St. Petrus Canisius, Katholische Kirche in Buchforst, Deutschland.
St. Petrus Canisius ist eine Kirche in Buchforst mit einer Basilika-Struktur, die sich durch hohe Betonträger und ein erhöhtes Mittelschiff auszeichnet. Die Seitenschiffe sind einstöckig angelegt, während ein quadratischer Turm über dem Eingangsbereich aufsteigt.
Die Kirche wurde 1930 von den Architekten Wilhelm Riphahn und Caspar Maria Grod nach Prinzipien der Neuen Sachlichkeit entworfen. Die Gestaltung folgte dabei modernen Überlegungen zu liturgischen Funktionen und Raumnutzung.

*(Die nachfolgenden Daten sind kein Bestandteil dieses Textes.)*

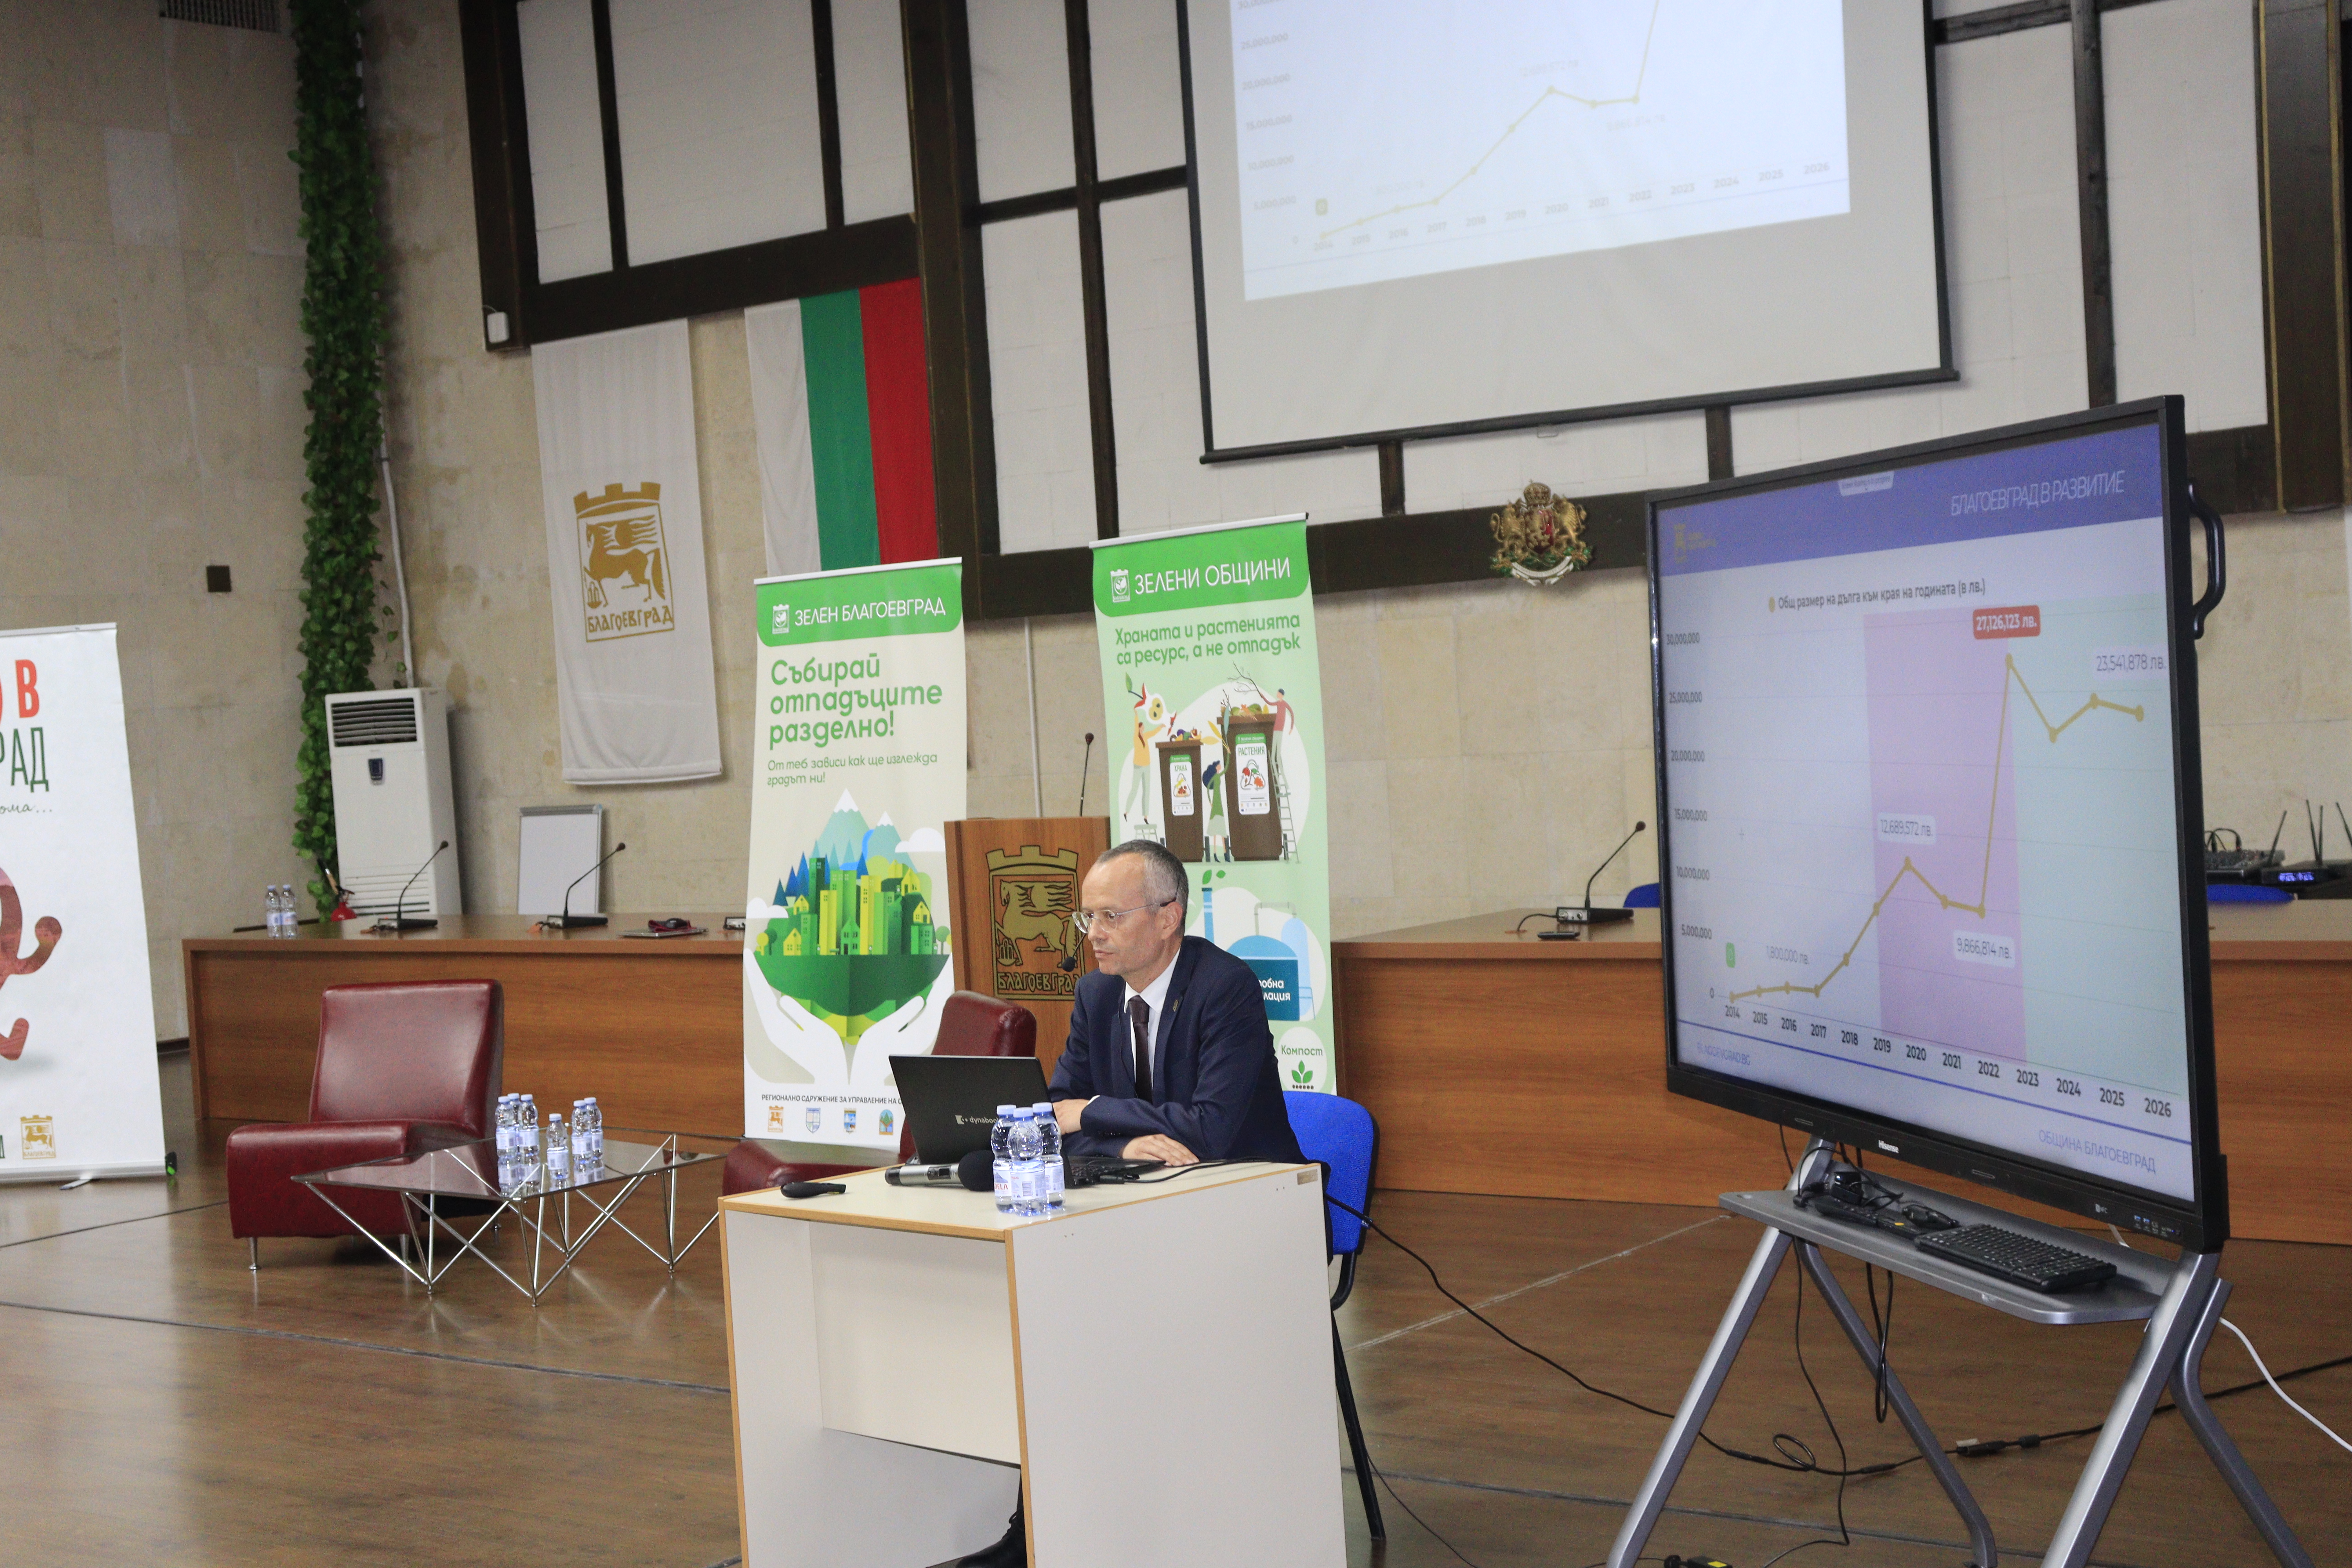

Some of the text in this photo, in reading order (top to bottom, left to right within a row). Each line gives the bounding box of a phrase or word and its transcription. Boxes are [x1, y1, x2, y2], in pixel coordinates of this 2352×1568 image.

Das Innere des Gebäudes zeigt Bleiglasfenster von Wilhelm de Graaff, die Szenen aus dem Leben des heiligen Petrus Canisius darstellen. Der erste deutsche Jesuit und Kirchenreformer wird durch diese künstlerische Gestaltung im Raum präsent.
Die Kirche liegt an der Eulerstraße 2 im Kölner Stadtteil Buchforst und dient der lokalen katholischen Gemeinde. Seit 2006 ist sie Teil der Pfarrei St. Mauritius.
Ein 12 Meter hohes Kreuz von Heribert Calleen aus dem Jahr 1962 prägt die Turmspitze des Gebäudes. Die fünf Glocken wurden 1957 in der Gießerei Mabilon gegossen und erklingen bis heute.